### WHAT NEEDS TO BE DONE
Your answer must be an exact transcription of the data, with every picture omitted.
━━ PROVIDED RECORDS
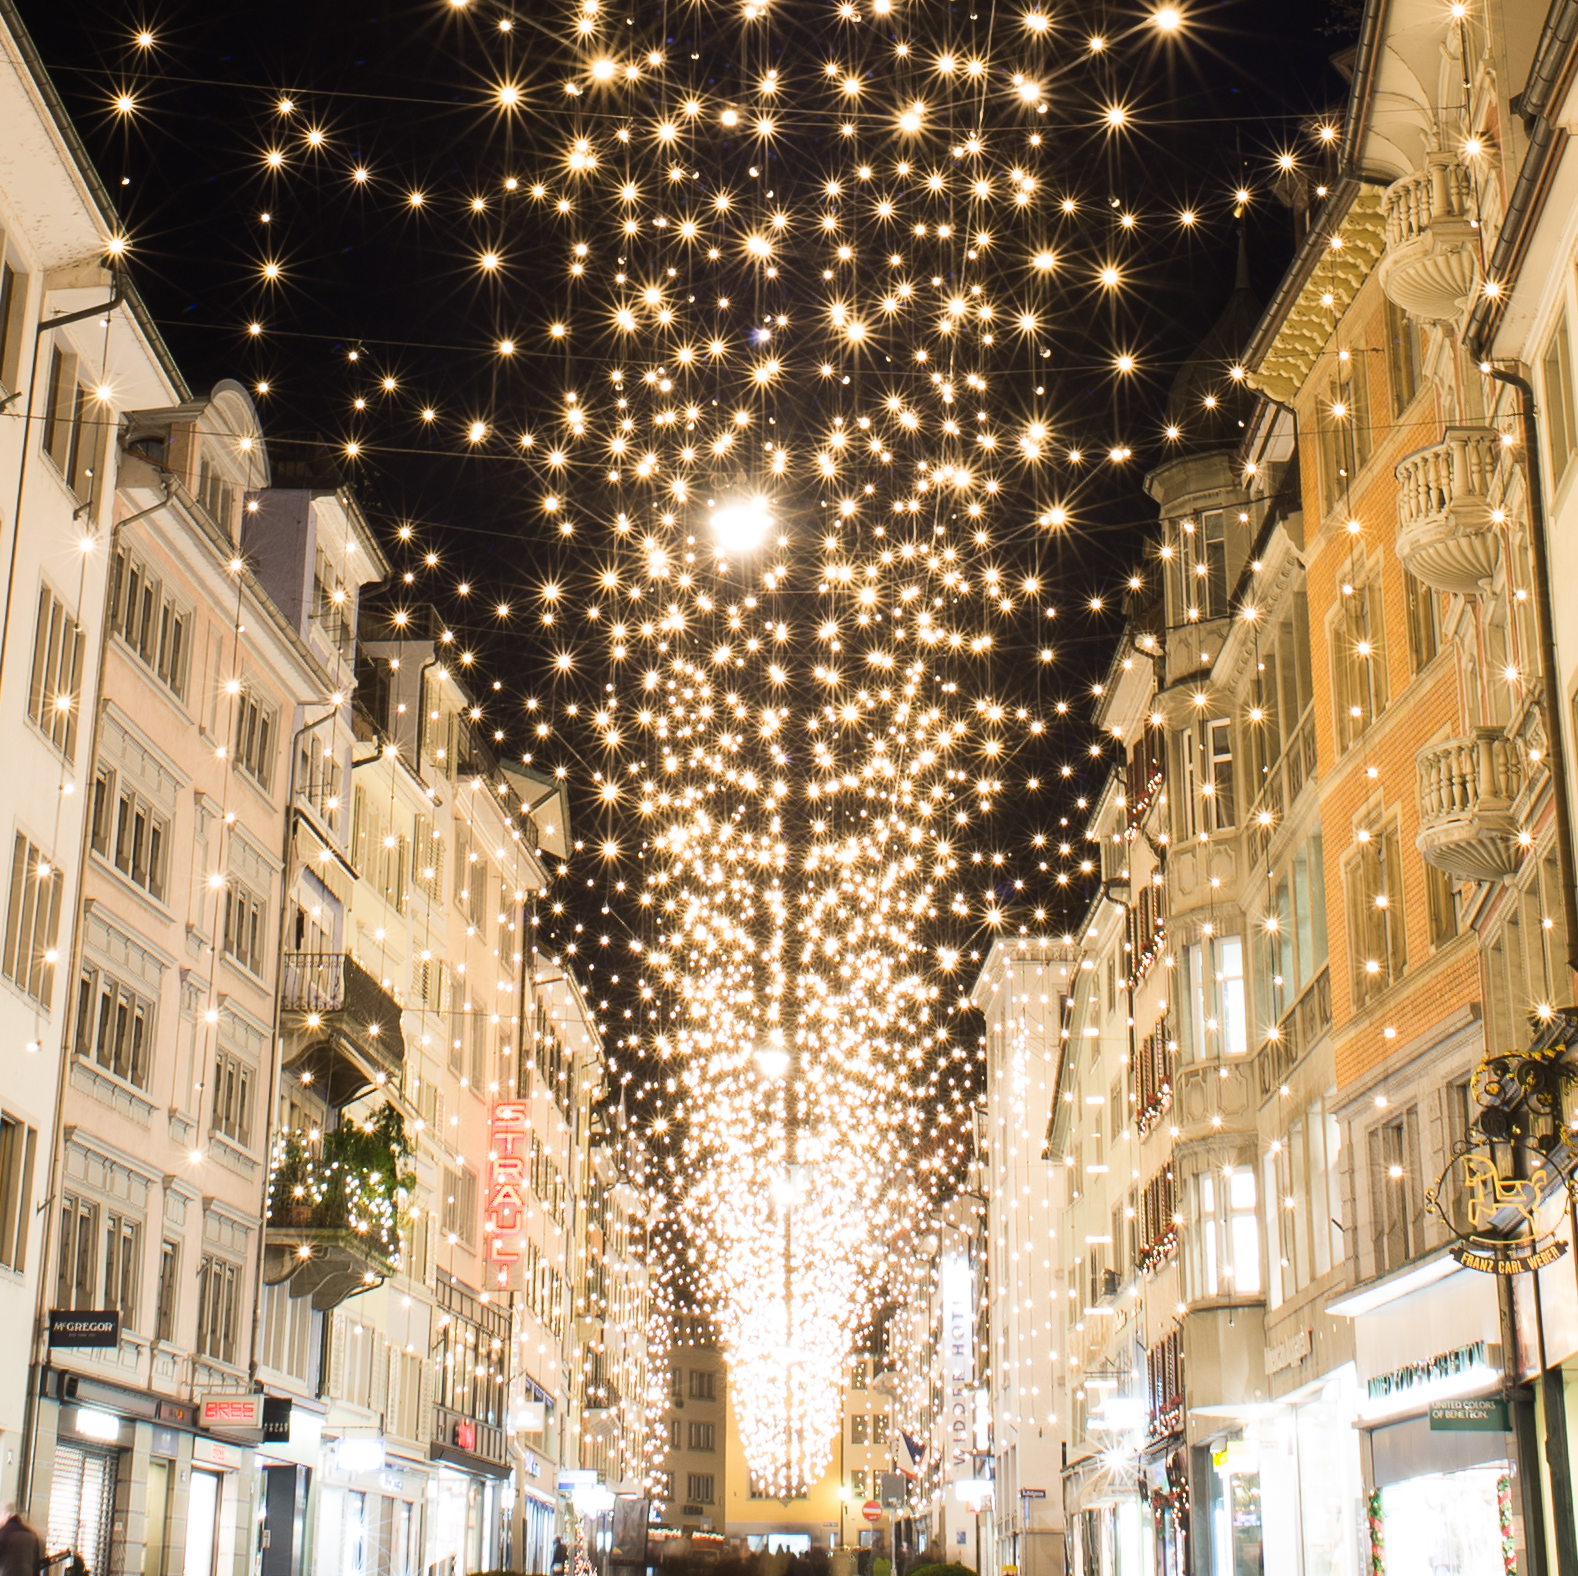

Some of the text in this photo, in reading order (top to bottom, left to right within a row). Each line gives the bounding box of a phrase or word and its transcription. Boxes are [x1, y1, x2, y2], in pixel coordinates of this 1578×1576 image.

[489, 1103, 527, 1289] STRÄULI
[1461, 1246, 1561, 1274] FRANZ CARL WEBER
[204, 1402, 255, 1420] BREE
[1432, 1401, 1496, 1410] UNITED COLORS
[1432, 1410, 1443, 1419] OF
━━━━
### WRITTEN ANSWER
Some of the text in this photo, in reading order (top to bottom, left to right within a row). Each line gives the bounding box of a phrase or word and its transcription. Boxes are [x1, y1, x2, y2], in pixel coordinates of this 1578×1576 image.

[489, 1103, 527, 1289] STRÄULI
[1461, 1246, 1561, 1274] FRANZ CARL WEBER
[204, 1402, 255, 1420] BREE
[1432, 1401, 1496, 1410] UNITED COLORS
[1432, 1410, 1443, 1419] OF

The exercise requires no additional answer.